Lewis Hamilton (P4, 12 pts): 8/10
After someone remarked this week "Lewis Hamilton has really gone off the boil this year, hasn't he?" we spent a long time explaining that this wasn't the case, that Hamilton himself was driving as well if not better than in many of his title-winning campaigns, but that the Mercedes W12 was no longer the top car and that Red Bull undoubtedly has the edge, and crucially that Max Verstappen is delivering on years of promise to produce a series of perfect, peerless performances the likes of which we've rarely seen in F1. Hamilton himself continues to throw his considerable talent into the pursuit of an eighth world championship, but the team simply seems to have no answers to their rivals at the moment. Hamilton had a glimmer of hope when he and Valtteri Bottas topped FP2 but that proved to be a mirage, and Hamilton could only manage fourth place in qualifying - beaten not only by the two Red Bulls but also by McLaren's Lando Norris. Even so, by lap 20 in the race he was up to second place and while Verstappen was too far ahead to be caught it looked like Hamilton had executed another decent damage limitation exercise. That is, until the aero damage on the floor of the Mercedes left him performance-impaired for the rest of the race and dropped him back to fourth. Arguably he deserved better, but sometimes the racing gods are with you and sometimes they're just having a snigger at your expense. Unfortunately for Lewis, this week it was the latter.

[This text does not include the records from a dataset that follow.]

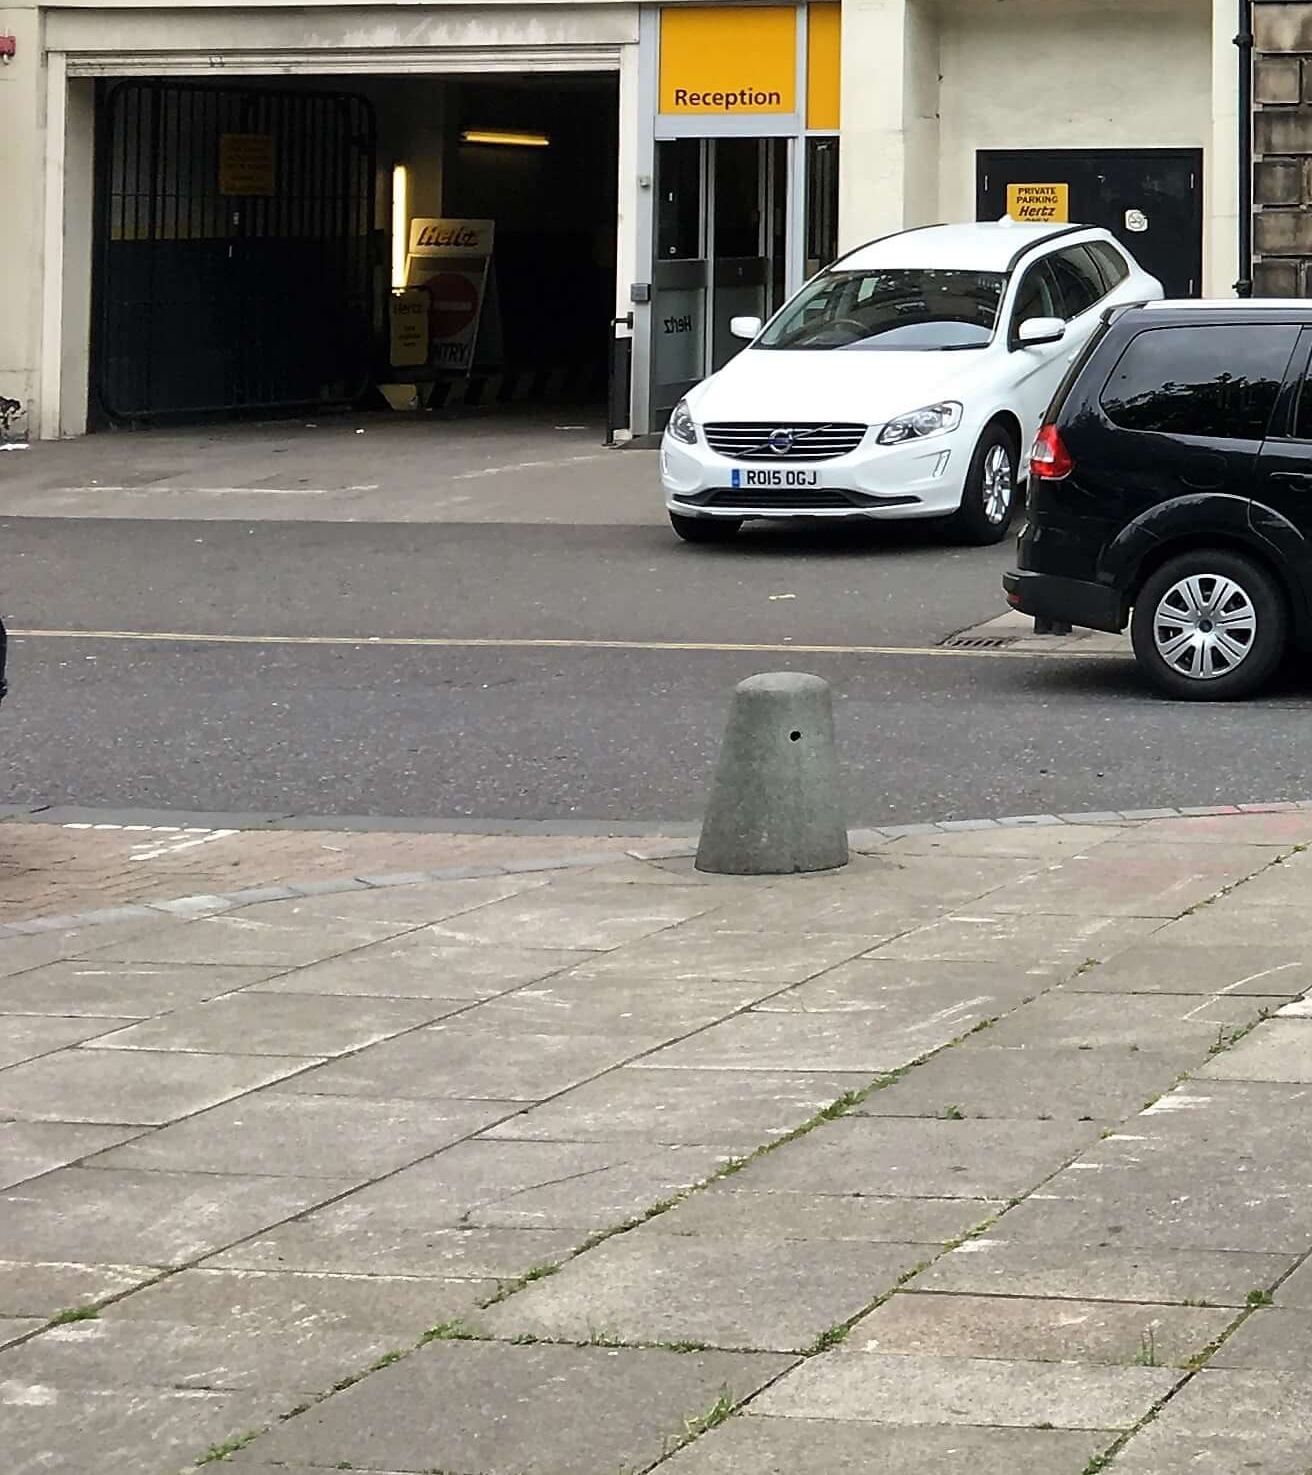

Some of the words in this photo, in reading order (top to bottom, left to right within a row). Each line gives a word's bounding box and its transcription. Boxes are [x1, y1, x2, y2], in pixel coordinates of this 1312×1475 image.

[675, 87, 781, 110] Reception
[1018, 187, 1056, 195] PRIVATE
[1016, 196, 1058, 204] PARKING
[1018, 206, 1056, 216] Hertz
[747, 470, 781, 485] RO15
[786, 470, 816, 485] OGJ

Lando Norris (P3, 15 pts): 9.5/10
There was no question who the star of Saturday's qualifying session was this week. Everyone was raving about Lando Norris managing to secure McLaren's first front row start since the 2012 Brazilian Grand Prix. It seemed as though the only person not completely thrilled by this was Norris himself, who was kicking himself for missing out on pole by 0.048s - but then the young Brit has always been his own most hard-to-please critic over the years. It was an even greater achievement given that McLaren spent Friday looking rather off-colour, and Daniel Ricciardo would go on to falter on Saturday afternoon, missing the cut at the end of Q2 and consigned to 13th on the grid. When the race got underway, Norris initially held on to second spot but it was clear that the team had lower expectations and were feeding their driver speed differentials to the AlphaTauri cars rather than the Red Bulls and Mercedes around him. Oh ye of little faith! Norris elbowed Sergio Perez off at the restart for which he was (unfairly - there, we've said it!) given a five second penalty, and he could do nothing to stop Lewis Hamilton passing him. But he proved himself entirely up the challenge of staying in the mix and his fourth career podium was a just reward for his brilliant performance this weekend.